Systemvoraussetzungen SOFT-SOLUTIONS 2018

Stand Version Änderungshistorie
06.07.2018 ab 5.18.3, 6.18.3, 7.18.3

Datenbankserver: Unter MSSQL muss das Feature "Full–Text Search" und unter Oracle das Feature "Oracle Text" installiert und aktiviert sein.

Vorwort

Eine SOFT-SOLUTIONS Installation in Ihrem Betrieb lässt sich weder standardisiert durchführen, noch können allgemein verbindliche Richtlinien für die technischen Voraussetzungen definiert werden.
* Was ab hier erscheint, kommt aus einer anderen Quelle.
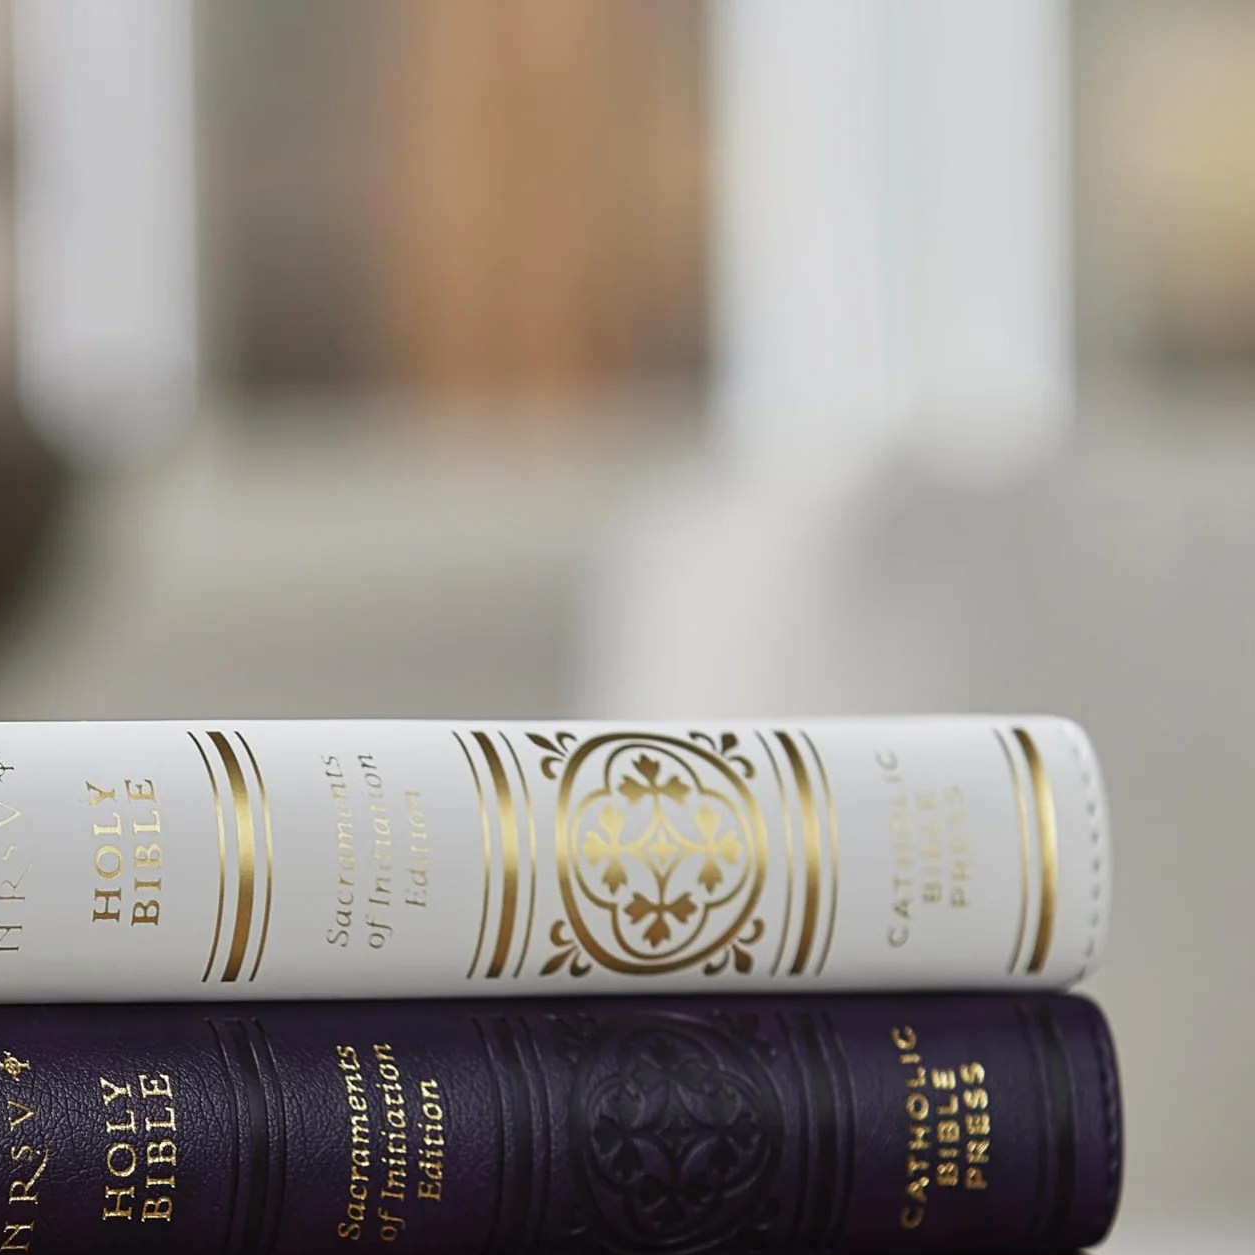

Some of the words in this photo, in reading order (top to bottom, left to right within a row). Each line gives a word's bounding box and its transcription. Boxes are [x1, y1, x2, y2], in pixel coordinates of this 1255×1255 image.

[85, 780, 124, 923] HOLY
[125, 777, 163, 927] BIBLE
[320, 754, 355, 948] Sacraments
[357, 752, 394, 908] Initiation
[403, 789, 430, 909] Edition
[366, 914, 394, 950] of
[100, 1076, 137, 1221] HOLY
[141, 1072, 179, 1223] BIBLE
[337, 1044, 371, 1242] Sacraments
[373, 1042, 407, 1202] Initiation
[418, 1079, 446, 1202] Edition
[891, 1024, 931, 1230] CATHOLIC
[931, 1068, 961, 1187] BIBLE
[960, 1060, 991, 1190] PRESS
[379, 1208, 406, 1242] of
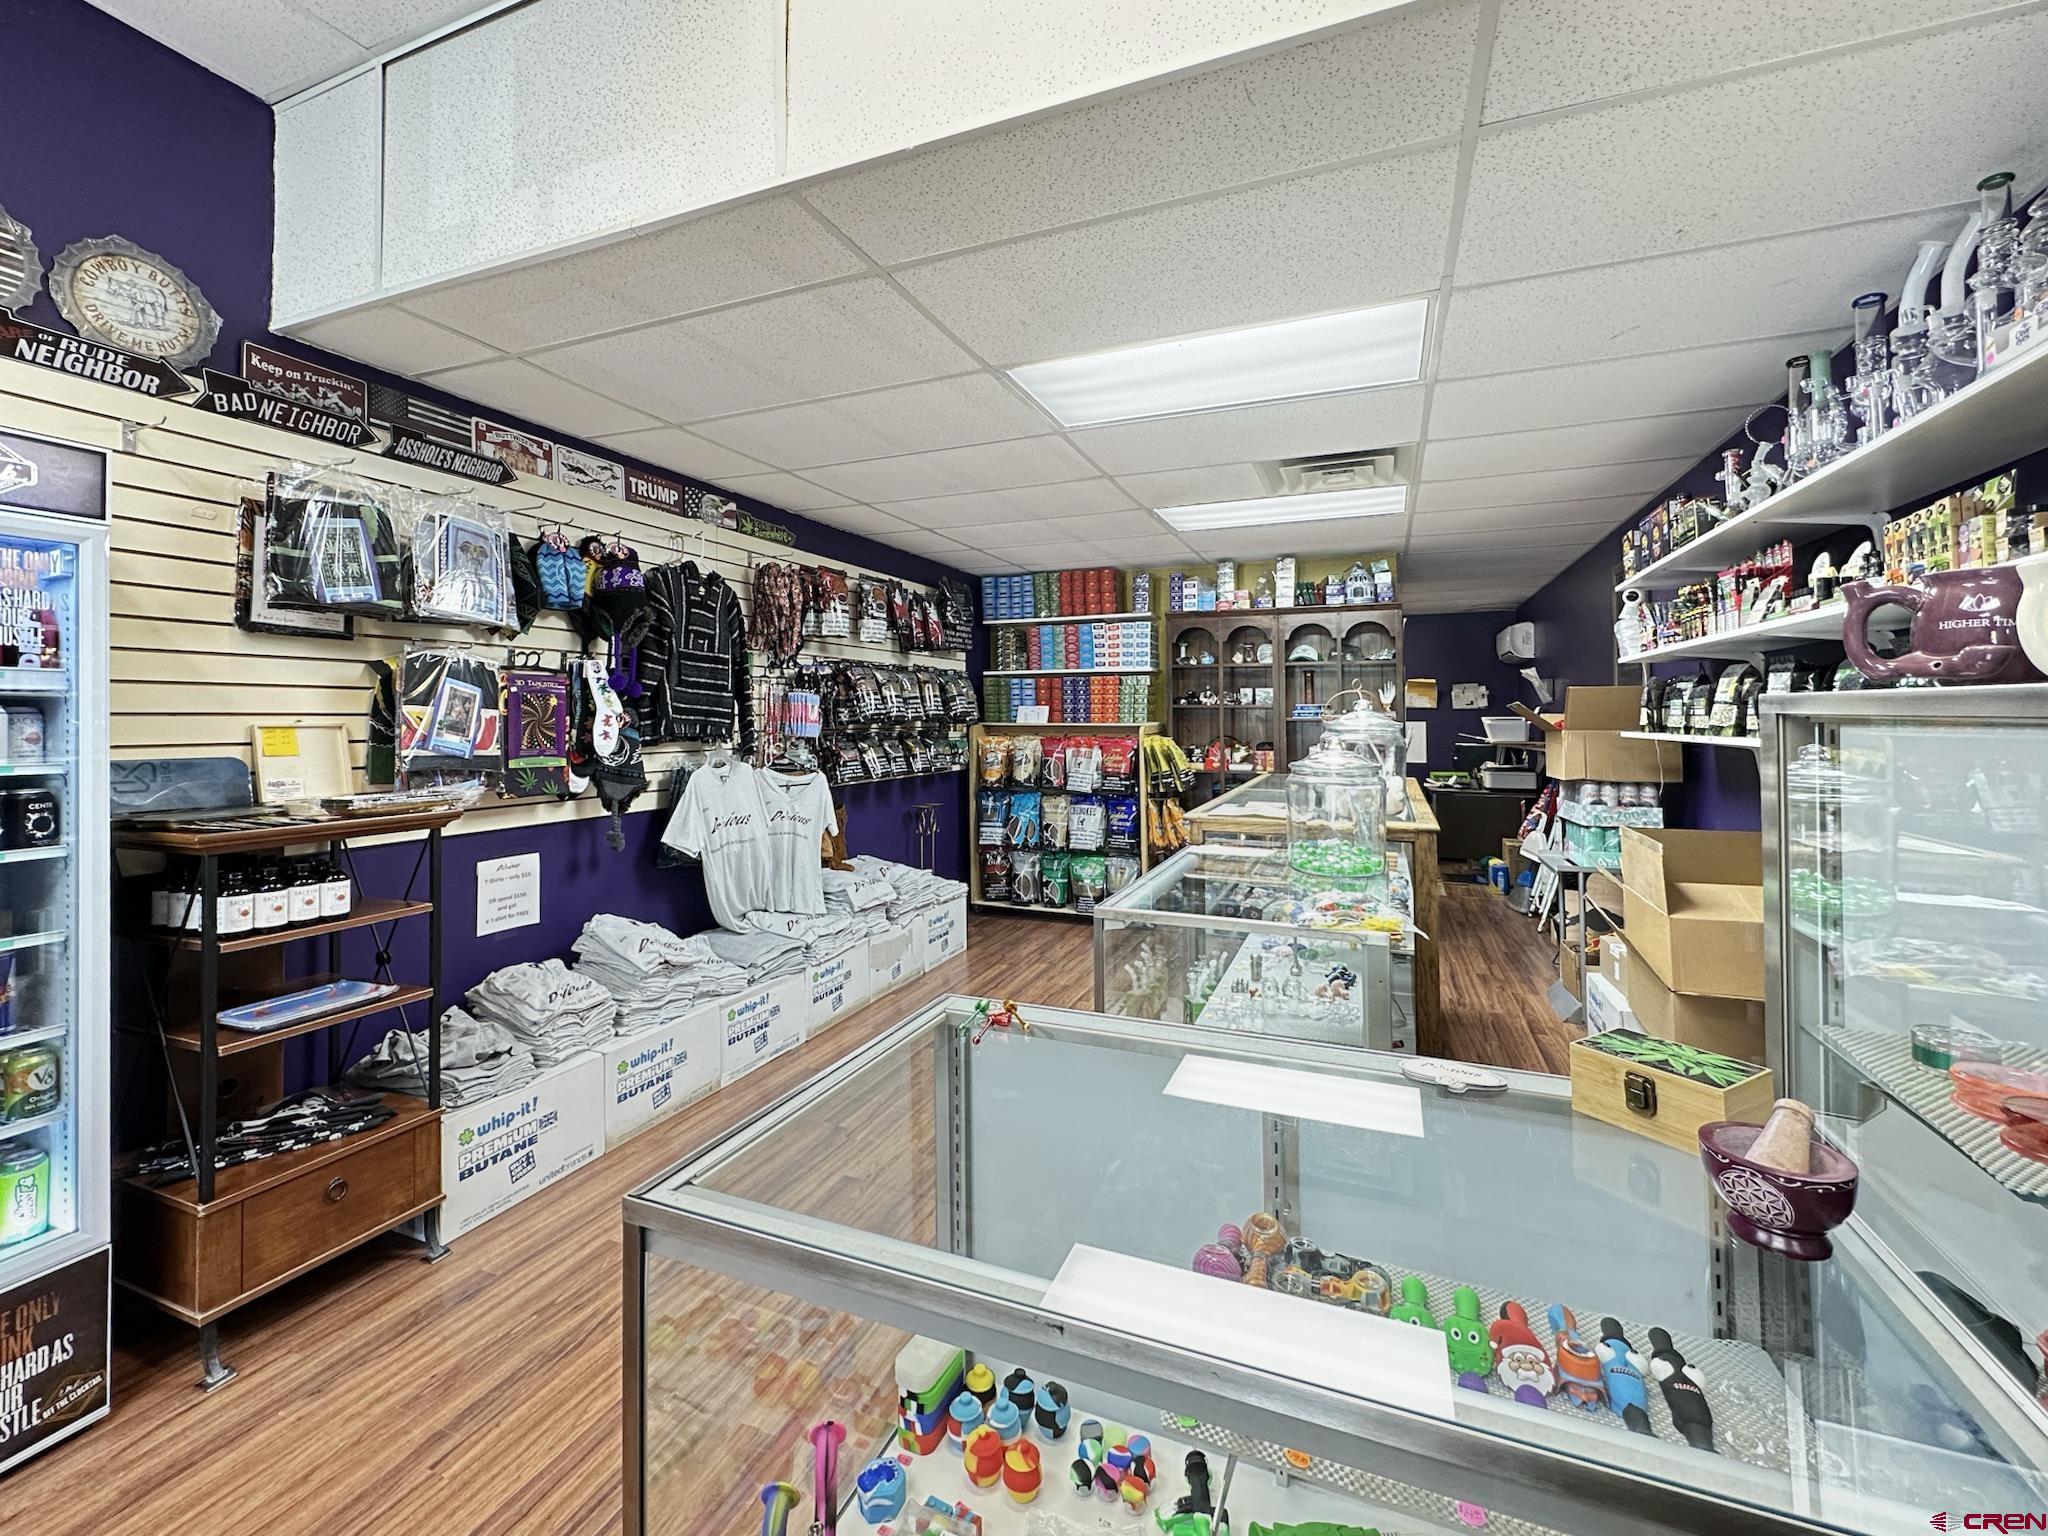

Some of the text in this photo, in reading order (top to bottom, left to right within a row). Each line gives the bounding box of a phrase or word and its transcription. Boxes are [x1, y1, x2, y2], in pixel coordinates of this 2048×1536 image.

[80, 258, 193, 317] COWBOY BUTTS
[85, 304, 127, 341] DRIVE
[15, 338, 160, 395] NEIGHBOR
[59, 337, 131, 368] RUDE
[250, 352, 284, 378] Keep
[285, 369, 301, 380] on
[213, 392, 362, 445] BAD NEIGHBOR
[395, 436, 504, 482] ASSHOLE'S NEIGHBOR
[629, 476, 679, 505] TRUMP
[1939, 618, 1991, 630] HIGHER
[737, 993, 769, 1016] whip-it!
[813, 984, 844, 1005] BUTANE
[728, 1021, 770, 1046] BUTANE
[630, 1038, 674, 1068] whip-it!
[34, 1067, 53, 1085] V8
[617, 1070, 673, 1104] BUTANE
[477, 1096, 538, 1137] whip-it!
[459, 1135, 538, 1182] BUTANE
[15, 1291, 61, 1332] ONLY
[0, 1333, 74, 1391] HARD AS
Diese Dokumentation gibt Ihnen lediglich allgemeine technische Hinweise.

Die hier aufgeführte Dimensionierung der Hardware für Server und Client berücksichtigt, dass außer SOFT-SOLUTIONS eventuell weitere Anwendungen auf den entsprechenden Systemen zum Einsatz kommen. Die beschriebenen Anforderungen wurden deshalb im Hinblick auf Sicherheit und Performance festgelegt.

Folgende Installationsvarianten werden beschrieben:

  • Installationsvariante Client-Server (lokalesNetzwerk)
  • Installationsvariante Terminalserver/Citrix

Für Ihre Fragen steht Ihnen unser Helpdesk gerne zur Verfügung.


1 Installationsvariante Client-Server (lokales Netzwerk)

SOFT-SOLUTIONS ist eine Client-Server-Applikation. Die Kommunikation zwischen Client und Server basiert auf TCP/IP und ODBC-Datenquellen. Es ist nicht notwendig zwischen Client und Server (SQL-Datenbank) Netzlaufwerke zu verbinden.

1.1 Datenbankserver

1.1.1 Microsoft SQL Datenbankserver

Microsoft SQL kann in folgenden Versionen eingesetzt werden:

  • 2012
  • 2012 R2
  • 2014
  • 2016

Die Microsoft SQL Express Edition ist ein Datenbanksystem von Microsoft, dessen Lizenz eine kostenfreie Nutzung zu jeglichem Zwecke ohne schriftliche Vereinbarung erlaubt.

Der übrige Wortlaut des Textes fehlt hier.